SOIL ORDER : ULTISOLS
(Latin : ultimus means last, highly leached, clay accumulation in B horizon)
Soil Properties
Ultisols predominantly covered 5.6% of world land area (730.106 ha) or 10.6% of tropical
area (520.106 ha) (Lal, 1997). This soil have low in basic cation saturation, strongly
weathered but less than Oxisols, well-drained, highly leached and acidic, and contain an
argilic or kandic horizon (Lal, 1997). But, according to Miller et.al., 1990 that Ultisols often
have an umbric epipedon (dark-colored A and strongly acidic). However, the common
feature of Ultisols is the existing of argilic horizon. Argilic horizon has a high clay
accumulation (Bt), which is moderate to strongly acidic, often a surface horizon dark with
humus (A), and typically a leached layer (E). The high clay content in this soil may be due
to (1) sedimentation; (2) illuviation; and (3) lithological discontinuities. Intensive
weathering forms the clayey B and often reddish in color. Reddish color is caused by iron
in the soil as sesquioxide in oxidation status. Basic cation saturation must have less than
35%. Soil has low pH (less than 5.5) and in nutrients, although the nutrients content is
higher than in Oxisols. Furthermore, Landon (1984) explained that the following
possibilities will be happened when pH value less than 5.5: (i) phosphate ions combine
with iron and Al to form compounds which are not readily available for plants, (ii) All
nutrients except Molybdenum (Mo) become more available with increasing acidity,
deficiencies are therefore rare (iii) Al ions are released from clay lattices and become
established on the clay complex. Soils with low pH should be tested for exchangeable Al
as a measure of potential Al toxicity, (iv) Bacterial activity is reduced and nitrification of
organic matter is significantly retarded. The mineralogy indicates strong weathering
where kaolinite clays is more dominant than the other clays (montmorillonite, illite,
vermiculllite).
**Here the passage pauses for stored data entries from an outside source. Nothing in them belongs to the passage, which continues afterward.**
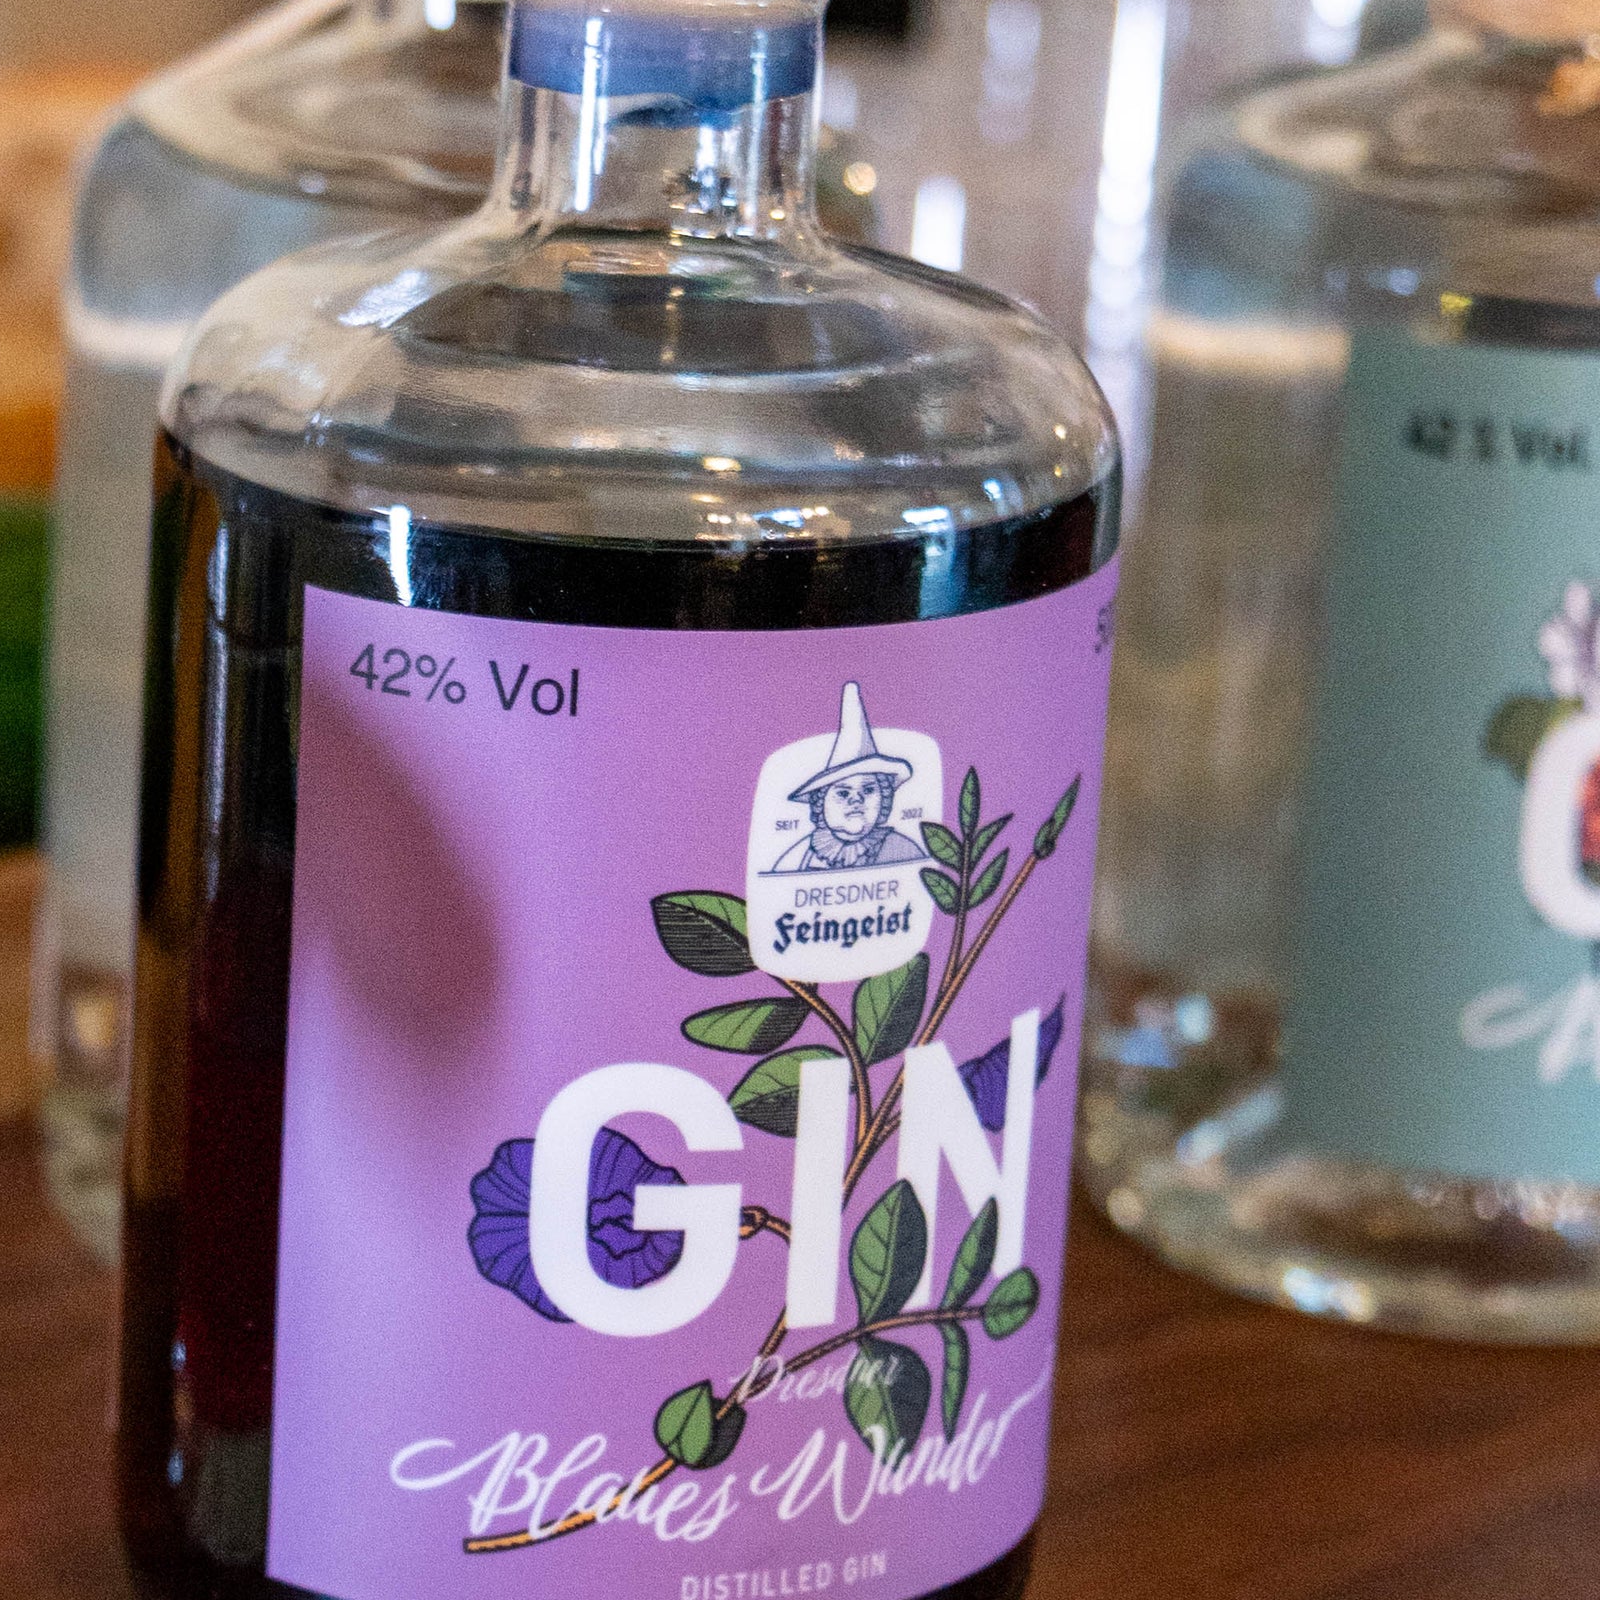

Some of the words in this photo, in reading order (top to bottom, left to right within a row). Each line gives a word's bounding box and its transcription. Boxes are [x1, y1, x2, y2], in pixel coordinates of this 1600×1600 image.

[349, 643, 467, 705] 42%
[488, 659, 579, 718] Vol
[774, 818, 800, 832] SEIT
[794, 879, 900, 908] DRESDNER
[773, 902, 913, 955] Feingeist
[528, 1008, 1041, 1337] GIN
[727, 1353, 901, 1403] Dresdner
[389, 1431, 740, 1542] Blaues
[750, 1365, 1052, 1525] Wunder
[842, 1551, 889, 1581] GIN
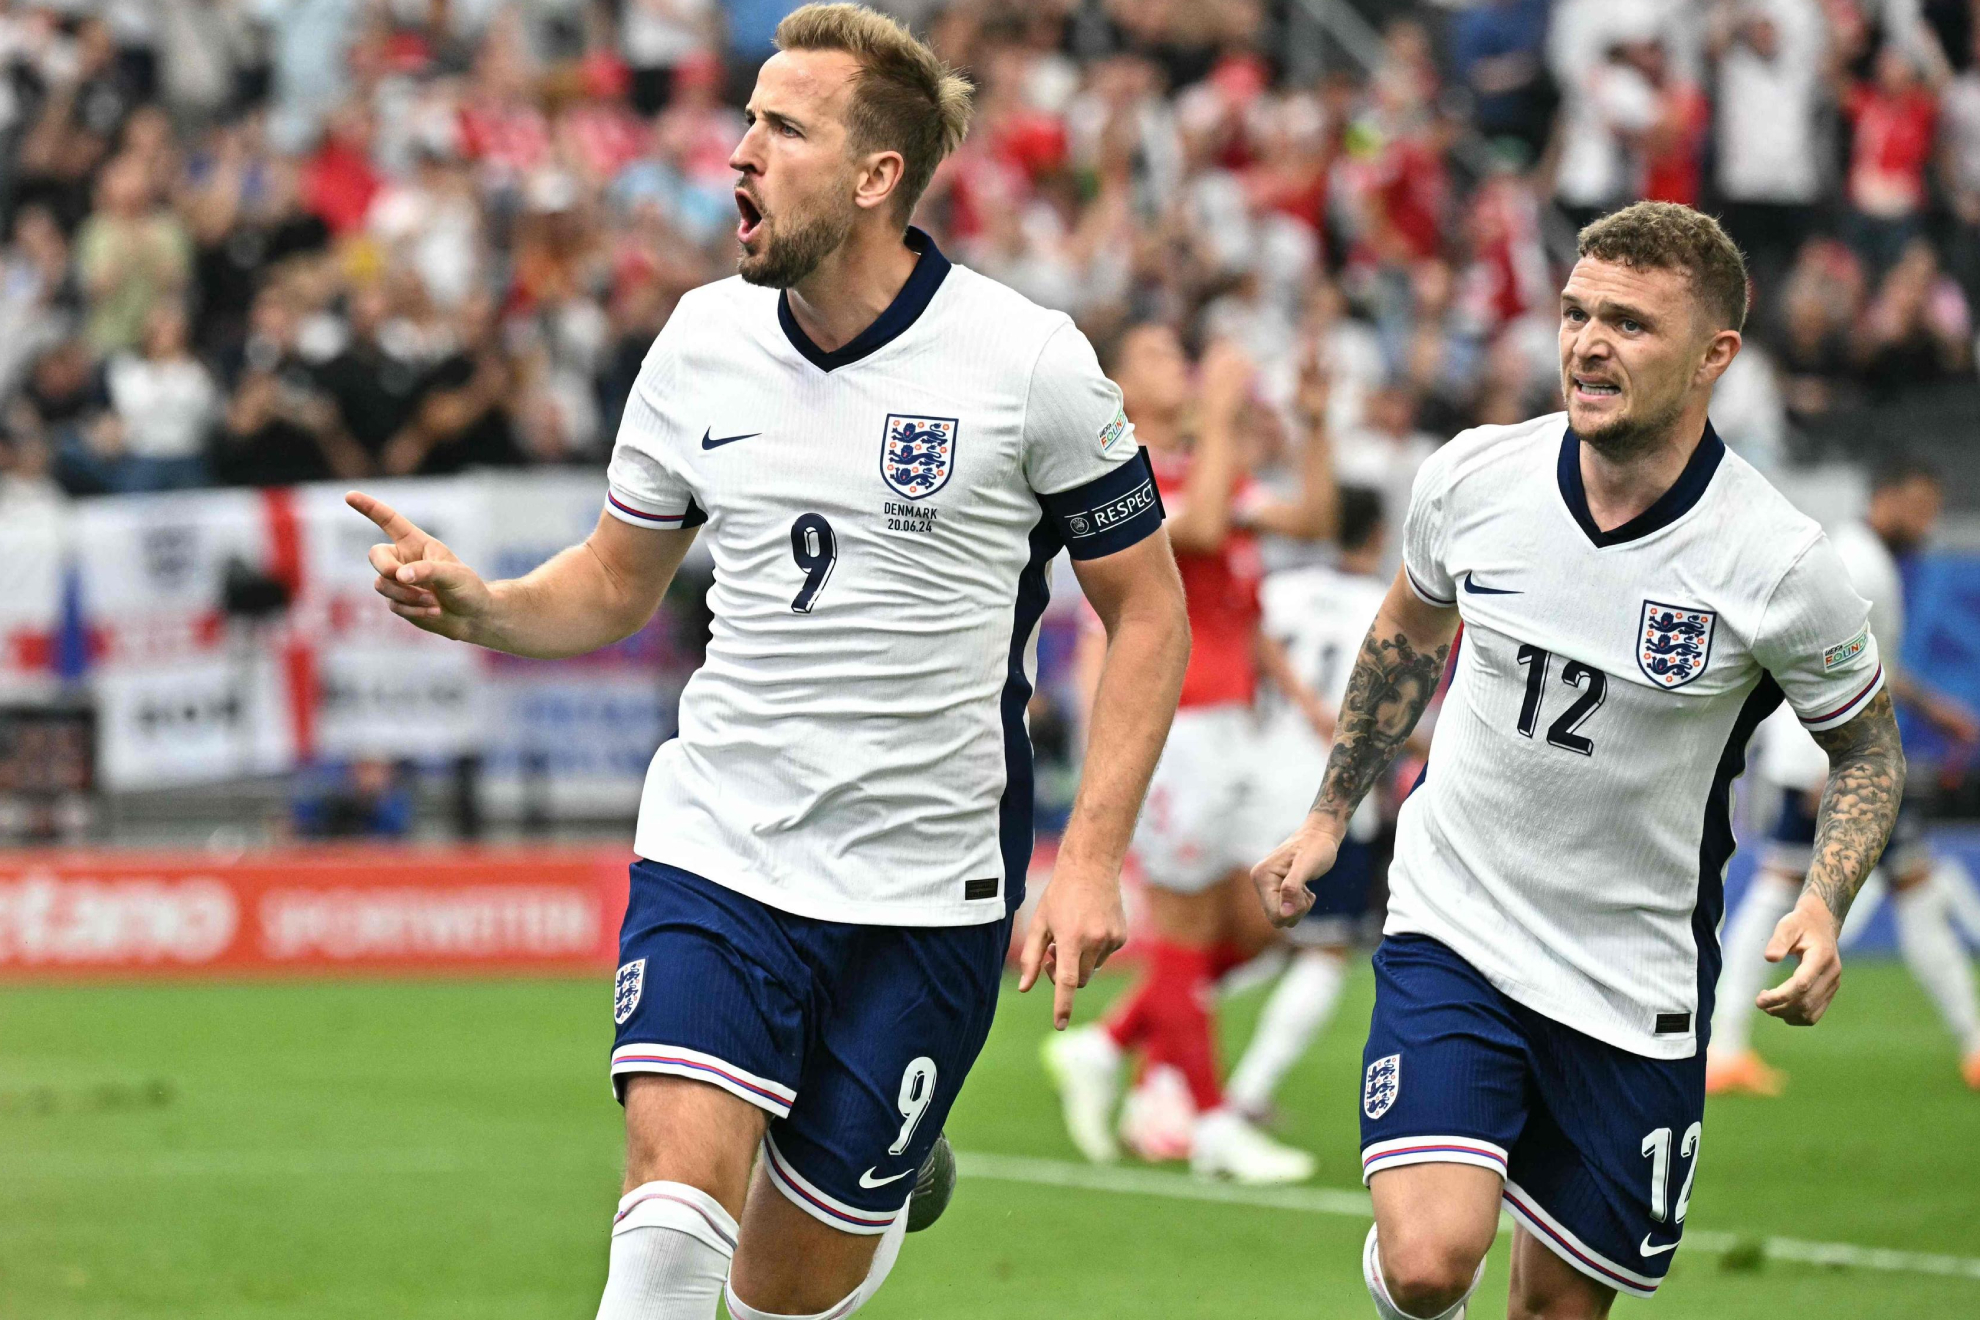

Ultisols have generally good physical properties (well-drained, moderate
permeability), but have severe problems in nutrient balance.
Soil Taxonomy
Order : Ultisols
Suborders :
Aquults (Latin, aqua = water) : seasonally saturated with water
Humults (Latin, humus =earth) : high-humus surface accumulation
Udults (Latin, udus = humid) : adequate water most of year
Ustults (Latin, ustus = burnt) : dry many months
Xerults (Latin, xeros =dry)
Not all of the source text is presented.